5. There Is Always A Chance for Bias to Affect Arbitration. Arbitrators, while they try to remain neutral, can be subject to pressure from stronger and wealthier parties who have the representation of a larger, stronger law firm. When the Arbitrator is dependent on a corporation or big firm for repeat business, they may be influenced to rule in favor of them.

Now, you might be really worried if you have already signed and arbitration agreement.

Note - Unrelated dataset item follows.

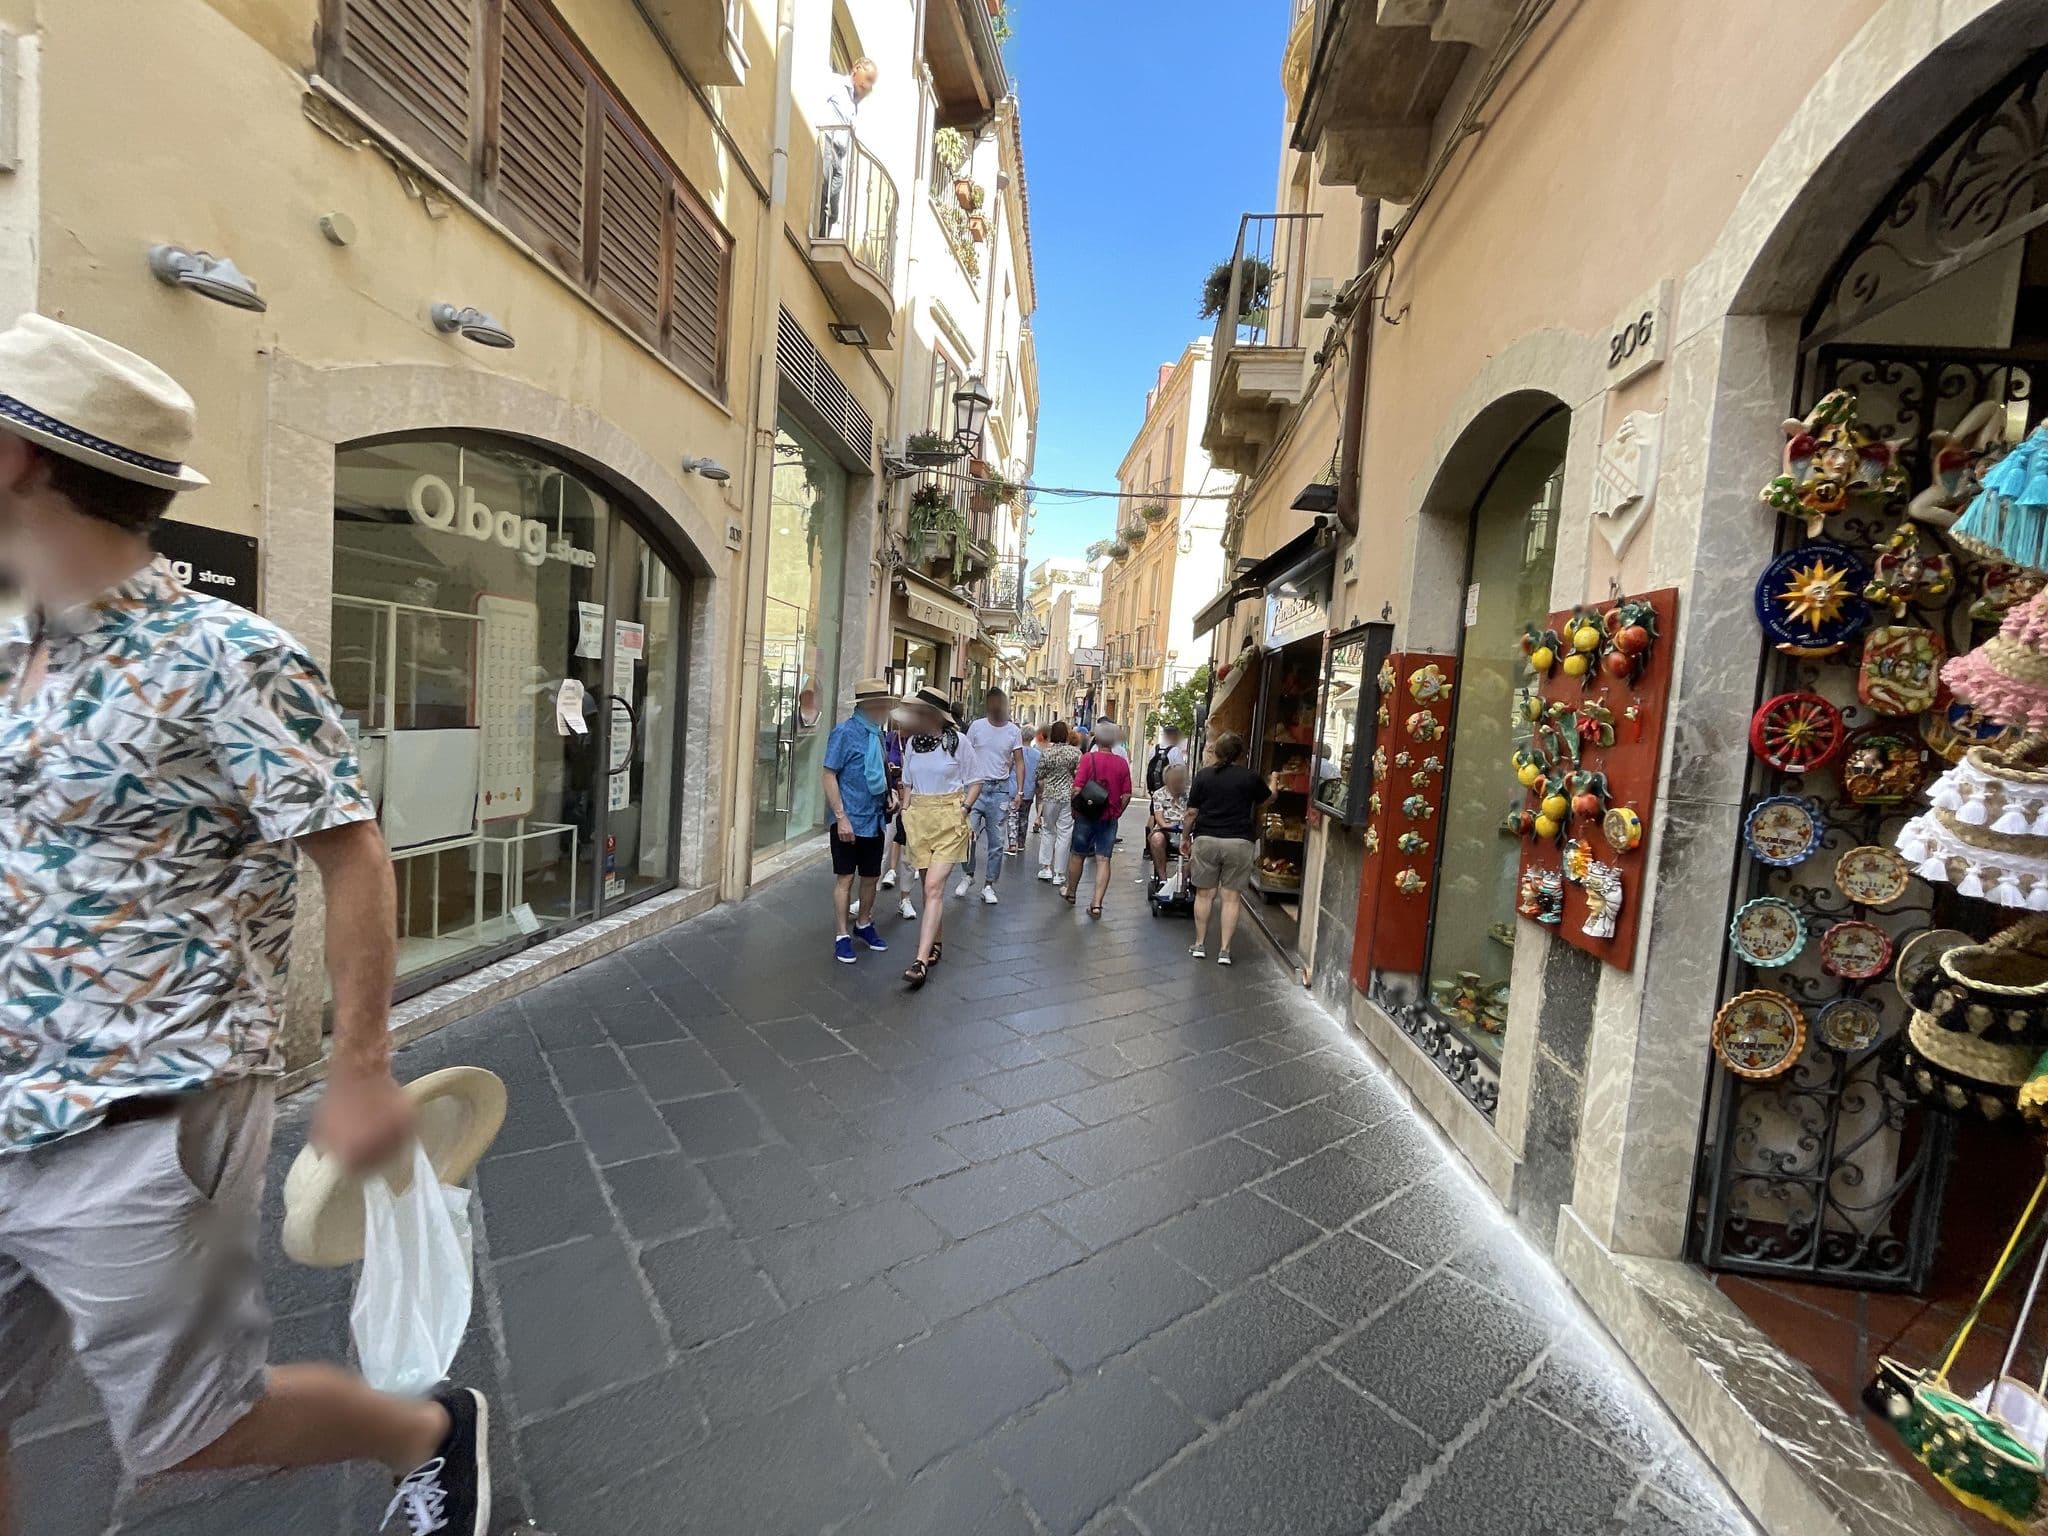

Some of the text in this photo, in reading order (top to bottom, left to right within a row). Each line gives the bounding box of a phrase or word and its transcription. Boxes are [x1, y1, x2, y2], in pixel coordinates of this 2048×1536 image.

[1607, 310, 1654, 371] 206
[407, 474, 455, 530] O
[458, 485, 548, 567] bag
[199, 569, 237, 587] store

Or maybe you aren’t sure if one of the papers you signed at the doctor’s office binds you to arbitration. If so, all is not lost; you can always send a notice in writing to your medical provider or doctor’s office and have any existing arbitration agreements revoked.

Remember: no one can refuse you medical treatment because you have not signed an arbitration agreement.

4 comments:

Mike West - Arbitration agreements said...

Robert, once again more great advice!!!! I agree that you should never sign an arbitration agreement. although, there may appear to be some advanatages to arbitration. The disadvantages clearly out weigh the advantages. here is a another article that provide some insight http://www.legavue.com/.../585-shoudl-i-sign-an-arbitration-agreement.

Anonymous said...

This information is not 100% correct. While I agree with you that signing an arbitration agreement is NEVER a good idea it is not true that a doctor cannot refuse to treat you if you don't sign. At least in California a doctor can refuse treatment if you don't sign.

http://www.medbd.ca.gov/consumer/complaint_info_questions_practice.html

RBSA said...

I am not sure what the law is in California, but in Utah a doctor can not refuse treatment if you do not sign an arbitration agreement.

I wish I could find the actual law but I can't think of it right now. I'll keep you posted.

http://utah-medical-malpractice.blogspot.com/search?q=refuse

Michael Jolley said...

Thanks for the advice! I had no idea this happens.